The offshore M&A market was one of the few world markets to have experienced growth in the cumulative value of transactions in Q3 2012 compared to the same period last year, according to a report released today by Appleby, the world’s largest provider of offshore legal, fiduciary and administration services. The latest edition of Offshore-i, the quarterly report which provides data and insight on merger and acquisition activity in major offshore financial centres, focuses on Q3 2012.
Robustness returning to Isle of Man deals
The Isle of Man saw the biggest increase in money being spent on its shores between Q2 and Q3 of this year, generating 23 deals against 21 last quarter, with a 95% increase in combined value from US$221m to US$430m.
“While we still have some way to go to return to the levels they were at two years ago, it’s encouraging to see that general robustness in deal size is returning to our market,” said Nick Verardi, Partner and Head of Corporate and Commercial at Appleby Isle of Man.
Of the 23 deals announced, 16 were minority stake transactions, suggesting that acquirers are remaining relatively cautious. The largest deal involving Isle of Man targets this quarter was the announcement by Redefine International plc, the Isle of Man, UK-based property Investment Company, to issue over 490 million new shares, in a deal worth US$205m. This was followed by WL Ross & Company LLC’s announcement that it has agreed to acquire 4.4 million shares of Navigator Holdings Ltd, the Isle of Man, UK-based liquefied petroleum gas sea transportation company, from Lehman Brothers Inc., for US$110 million.

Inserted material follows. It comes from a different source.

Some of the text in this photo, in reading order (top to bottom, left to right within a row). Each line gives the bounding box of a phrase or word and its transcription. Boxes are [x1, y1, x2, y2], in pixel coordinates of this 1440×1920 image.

“We remain convinced that this high volume of minority stake transactions is a function of the economic uncertainty with which investors are currently forced to grapple, which is deterring dealmakers from riskier whole-business transactions,” said Nick. “Minority stake deals allow acquirers some exposure to new markets or businesses, while making it possible to limit that exposure to a comfortable level. At the same time, while gaining bank lending is challenging, such deals give sellers access to much-needed capital and we expect the trend towards this deal type to continue well into 2013.”

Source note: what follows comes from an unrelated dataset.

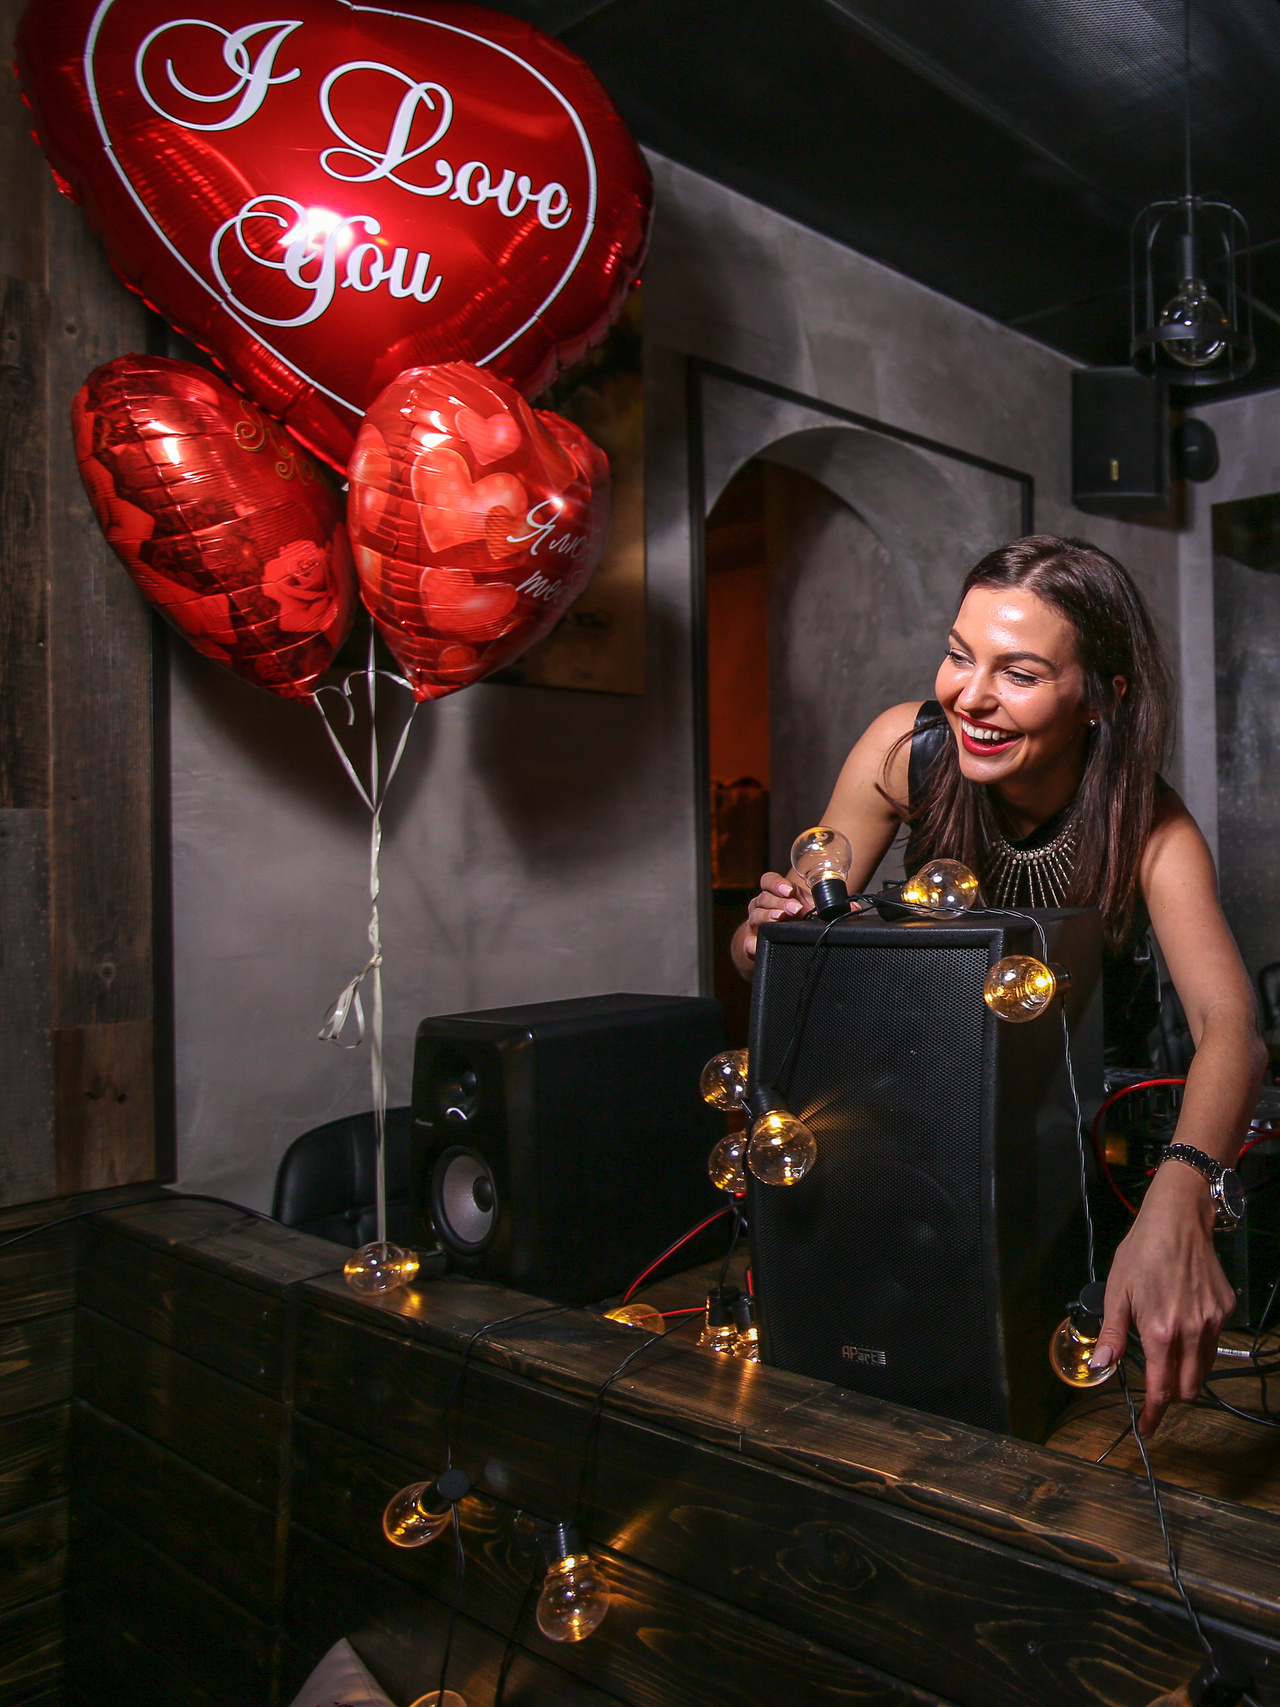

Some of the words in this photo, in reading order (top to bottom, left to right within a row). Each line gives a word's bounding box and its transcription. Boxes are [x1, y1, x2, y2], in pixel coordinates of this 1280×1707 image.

[134, 18, 304, 132] I
[318, 60, 572, 231] Love
[210, 194, 443, 328] You
[506, 496, 566, 556] Я

Looking at transactions involving Isle of Man acquirers, the report notes that the jurisdiction completed seven deals worth a combined value of US$746m this quarter, up from US$449m in Q2 2012.
Global Offshore Market
Looking at the overall offshore market, the key themes emerging from the report show that in the third quarter of 2012:
- There was a 10% drop in the volume, and a 17% drop in the value, of transactions that took place offshore compared to Q2. This fall is typical of third quarter activity, but it is not as significant as the drop between Q2 and Q3 last year.
- Values are 11% higher than they were in the same period last year, suggesting that conditions are improving year-on-year.
- In the last 10 quarters, only three periods have seen a larger average deal size than what the offshore markets experienced in Q3 – at US$78m – suggesting some robustness returning to deal sizes.
- The financial services sector continues to dominate activity in the offshore region, accounting for over a third of all deals. The second highest value sector was telecommunications, followed by manufacturing of computer, electronic and optical products.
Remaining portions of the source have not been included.